*** Data in this exercise ***

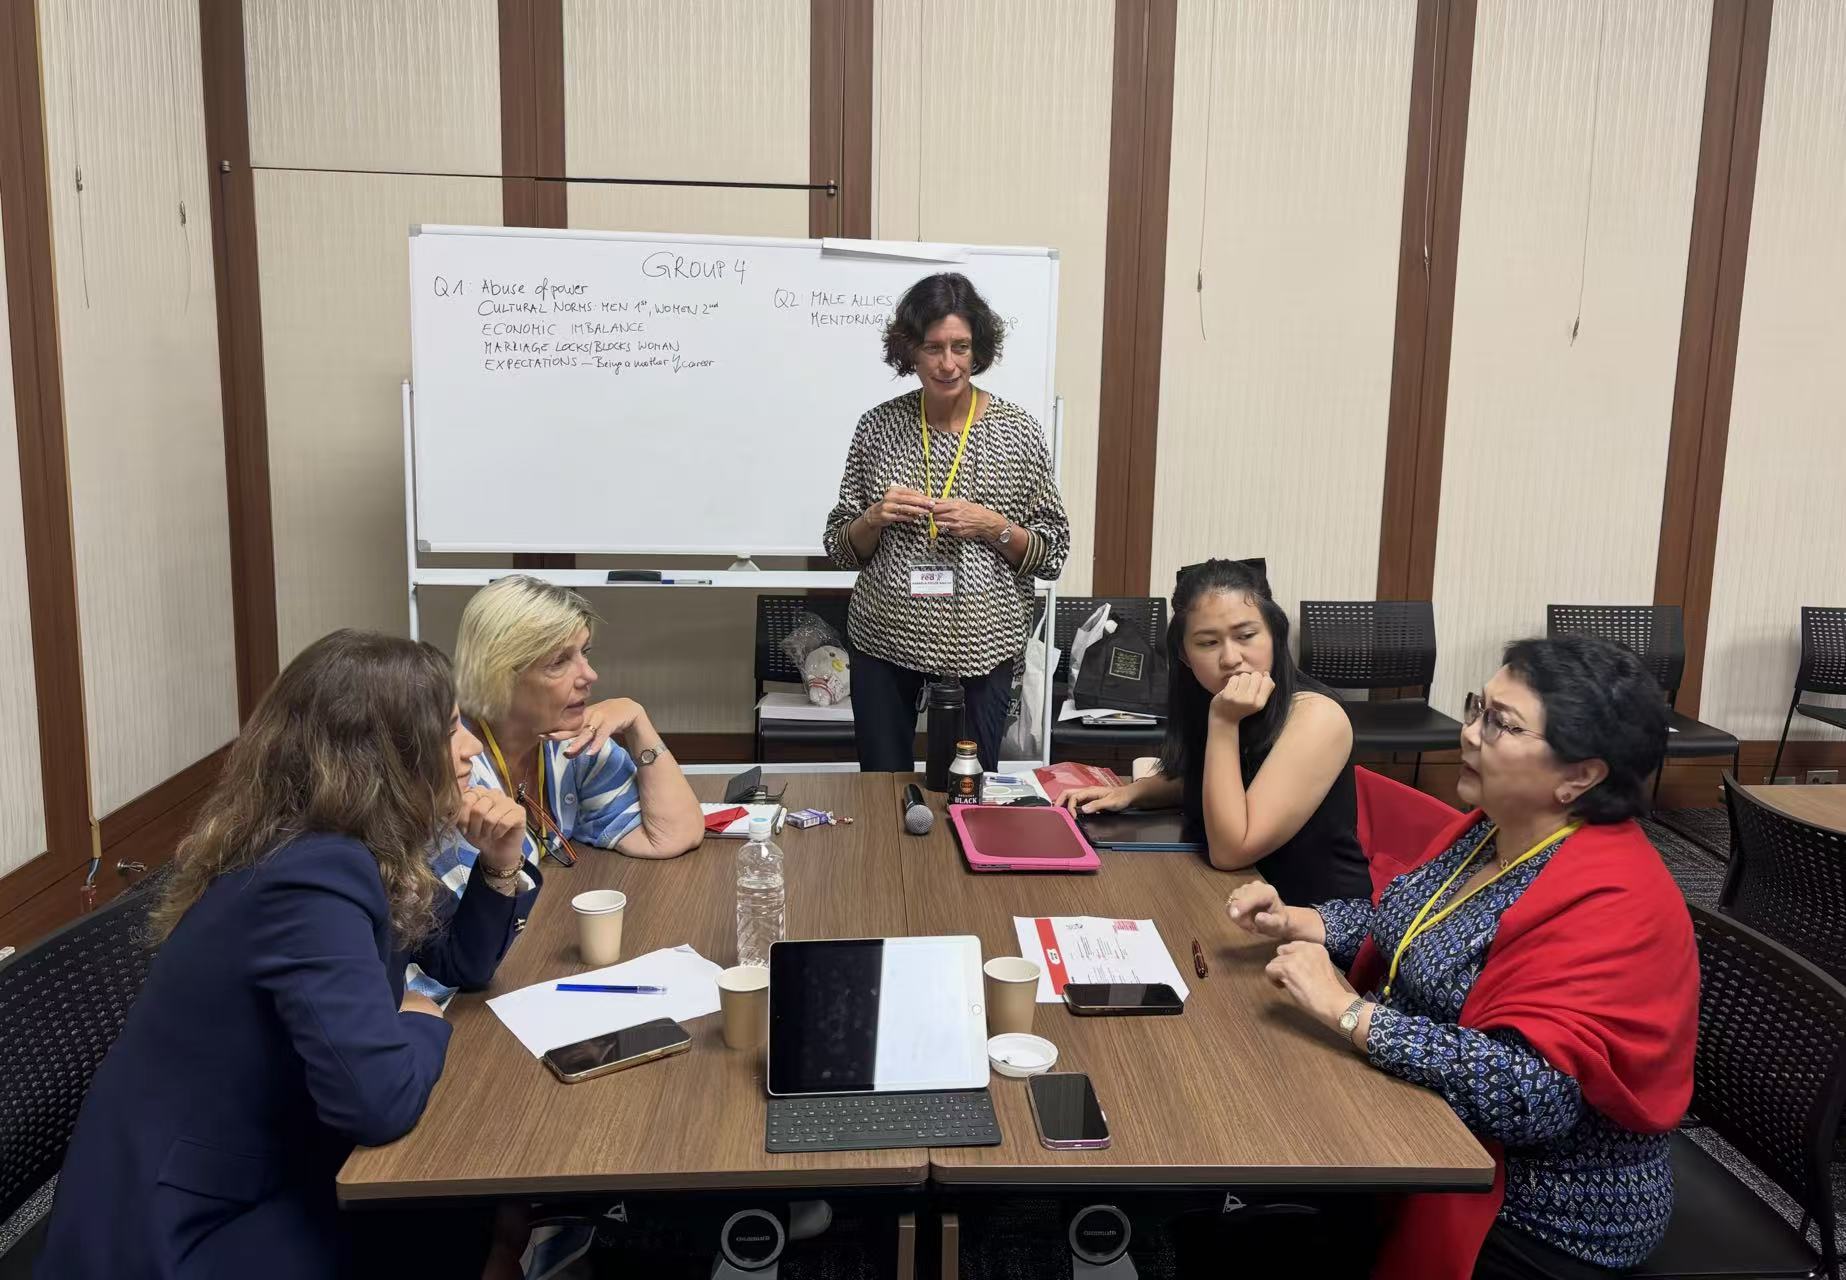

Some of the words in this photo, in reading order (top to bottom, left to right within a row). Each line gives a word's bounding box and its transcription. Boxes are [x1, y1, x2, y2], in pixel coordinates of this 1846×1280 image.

[642, 252, 725, 279] GROUP
[734, 259, 746, 285] 4
[482, 279, 526, 296] Abuse
[534, 277, 549, 301] of
[551, 284, 589, 300] power
[810, 290, 847, 307] MALE
[478, 299, 548, 317] CULTURAL
[601, 302, 629, 313] MEN
[654, 303, 698, 315] WOMEN
[811, 311, 884, 328] MENTORING
[481, 322, 557, 336] ECONOMIC
[571, 321, 645, 336] IMBALANCE
[638, 340, 680, 353] WOMAN
[592, 355, 622, 375] Being
[633, 356, 669, 369] mother
[681, 360, 715, 369] career
[954, 796, 978, 804] BLACK
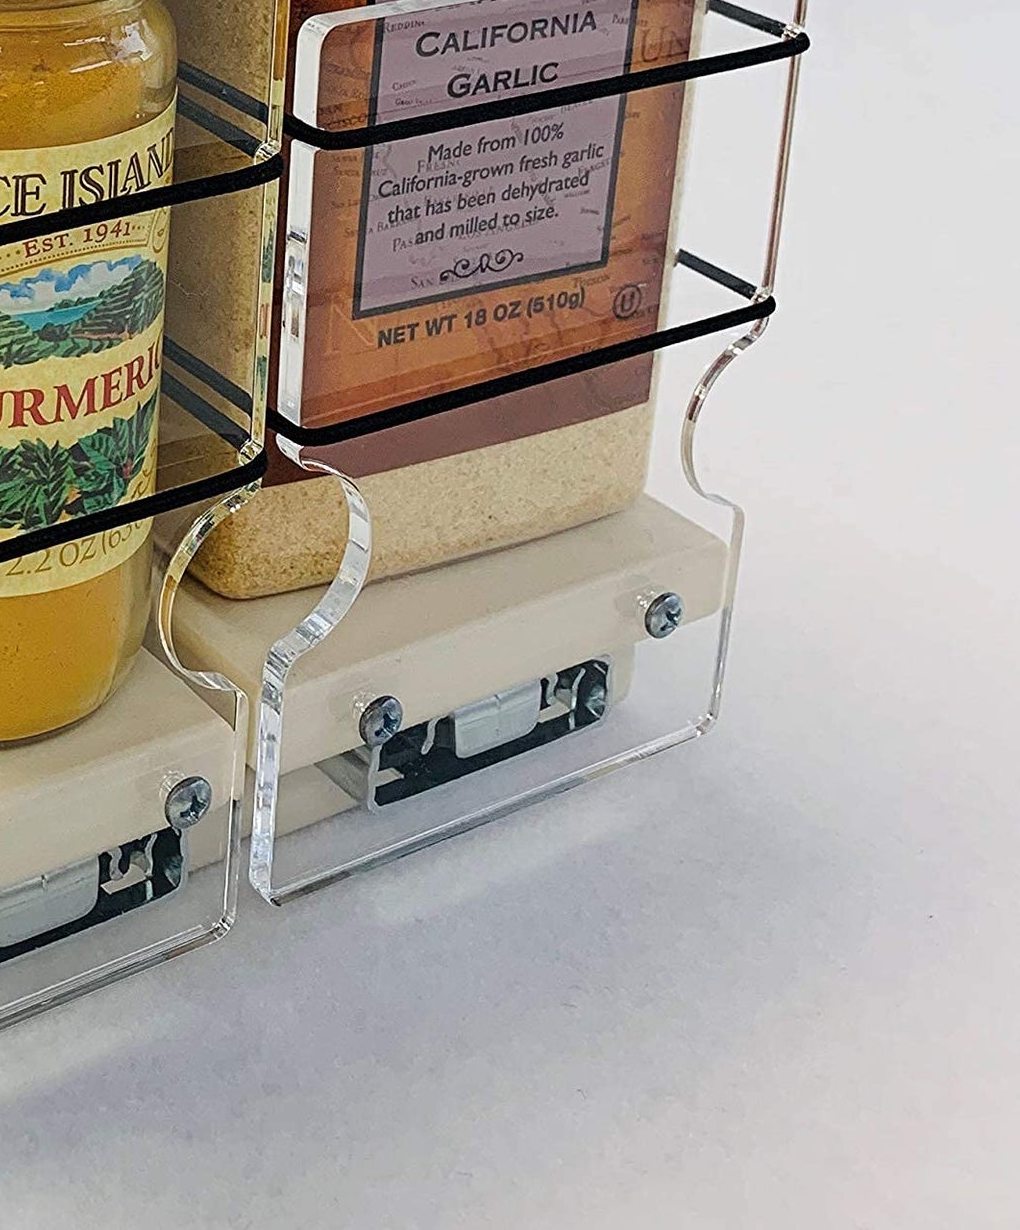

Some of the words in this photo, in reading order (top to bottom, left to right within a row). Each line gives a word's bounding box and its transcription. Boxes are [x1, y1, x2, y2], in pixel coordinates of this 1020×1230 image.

[415, 10, 598, 58] CALIFORNIA
[446, 62, 560, 99] GARLIC
[428, 140, 473, 163] Made
[477, 135, 516, 155] from
[523, 122, 565, 147] 100%
[378, 161, 515, 199] California-grown
[519, 150, 559, 172] fresh
[561, 141, 605, 169] garlic
[387, 203, 421, 225] that
[425, 197, 452, 217] has
[457, 190, 496, 211] been
[501, 170, 589, 203] dehydrated
[24, 232, 73, 259] EST.
[82, 219, 132, 244] 1941
[415, 221, 446, 245] and
[449, 209, 498, 239] milled
[503, 210, 521, 227] to
[524, 203, 559, 224] size.
[378, 323, 419, 349] NET
[425, 314, 458, 337] WT
[464, 308, 487, 329] 18
[493, 300, 521, 322] OZ
[525, 287, 586, 319] (510g)
[59, 536, 98, 567] OZ
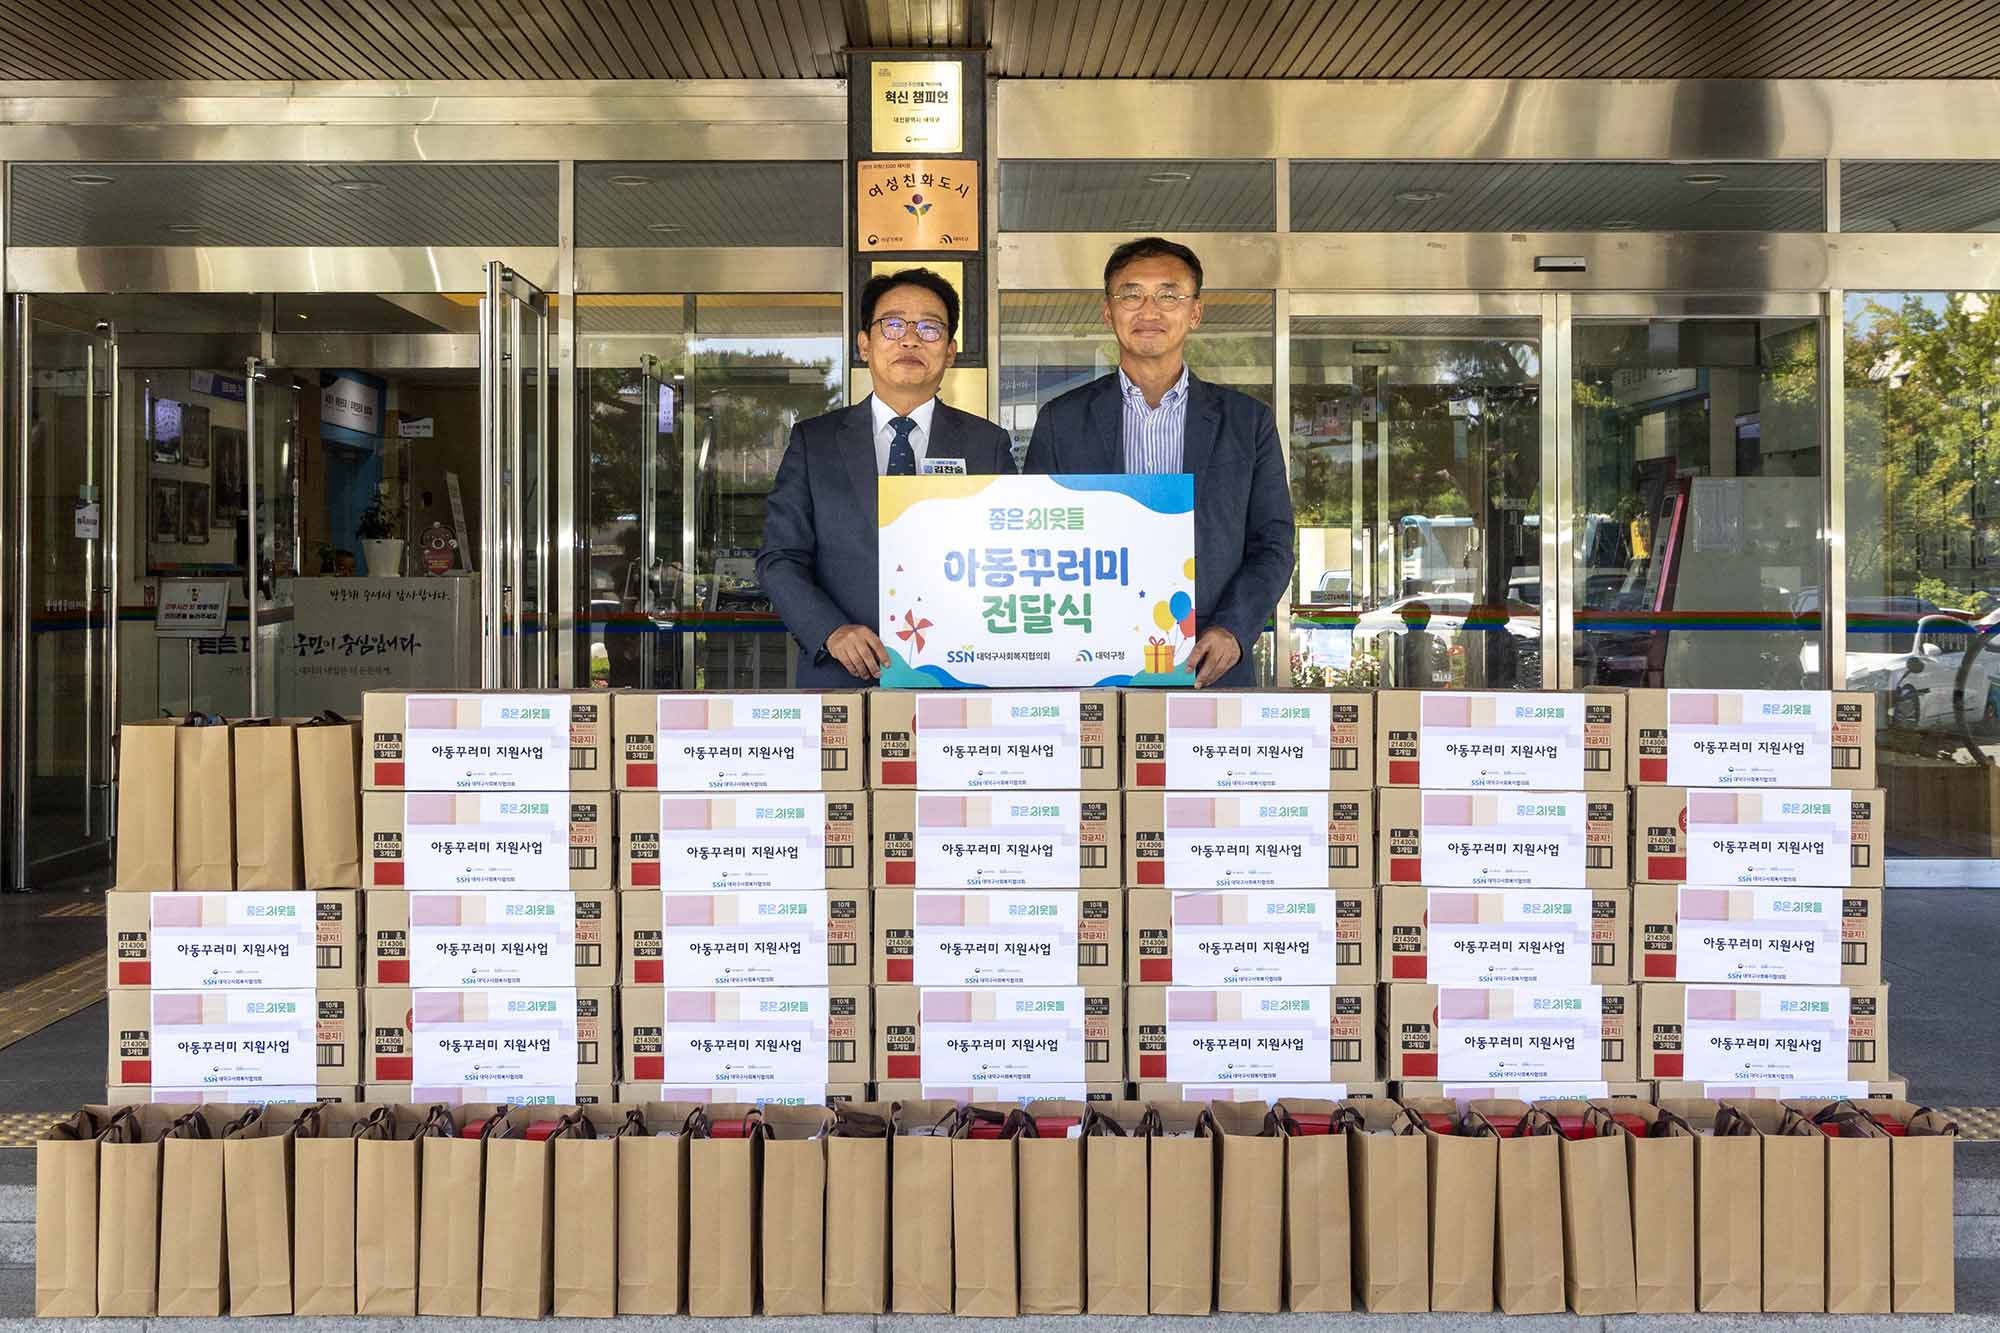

*** End of Data in this exercise ***

=== Your task ===
Write the records out again exactly; none of the pictures belong in the copy.

=== Result ===
Some of the words in this photo, in reading order (top to bottom, left to right within a row). Each line gives a word's bounding box and its transcription. Boxes are [x1, y1, x2, y2], in pixel coordinates of this 1846×1280 image.

[642, 252, 725, 279] GROUP
[734, 259, 746, 285] 4
[482, 279, 526, 296] Abuse
[534, 277, 549, 301] of
[551, 284, 589, 300] power
[810, 290, 847, 307] MALE
[478, 299, 548, 317] CULTURAL
[601, 302, 629, 313] MEN
[654, 303, 698, 315] WOMEN
[811, 311, 884, 328] MENTORING
[481, 322, 557, 336] ECONOMIC
[571, 321, 645, 336] IMBALANCE
[638, 340, 680, 353] WOMAN
[592, 355, 622, 375] Being
[633, 356, 669, 369] mother
[681, 360, 715, 369] career
[954, 796, 978, 804] BLACK

Some of the words in this photo, in reading order (top to bottom, left to right within a row). Each line gives a word's bounding box and its transcription. Boxes are [x1, y1, x2, y2], in pixel coordinates of this 1020×1230 image.

[415, 10, 598, 58] CALIFORNIA
[446, 62, 560, 99] GARLIC
[428, 140, 473, 163] Made
[477, 135, 516, 155] from
[523, 122, 565, 147] 100%
[378, 161, 515, 199] California-grown
[519, 150, 559, 172] fresh
[561, 141, 605, 169] garlic
[387, 203, 421, 225] that
[425, 197, 452, 217] has
[457, 190, 496, 211] been
[501, 170, 589, 203] dehydrated
[24, 232, 73, 259] EST.
[82, 219, 132, 244] 1941
[415, 221, 446, 245] and
[449, 209, 498, 239] milled
[503, 210, 521, 227] to
[524, 203, 559, 224] size.
[378, 323, 419, 349] NET
[425, 314, 458, 337] WT
[464, 308, 487, 329] 18
[493, 300, 521, 322] OZ
[525, 287, 586, 319] (510g)
[59, 536, 98, 567] OZ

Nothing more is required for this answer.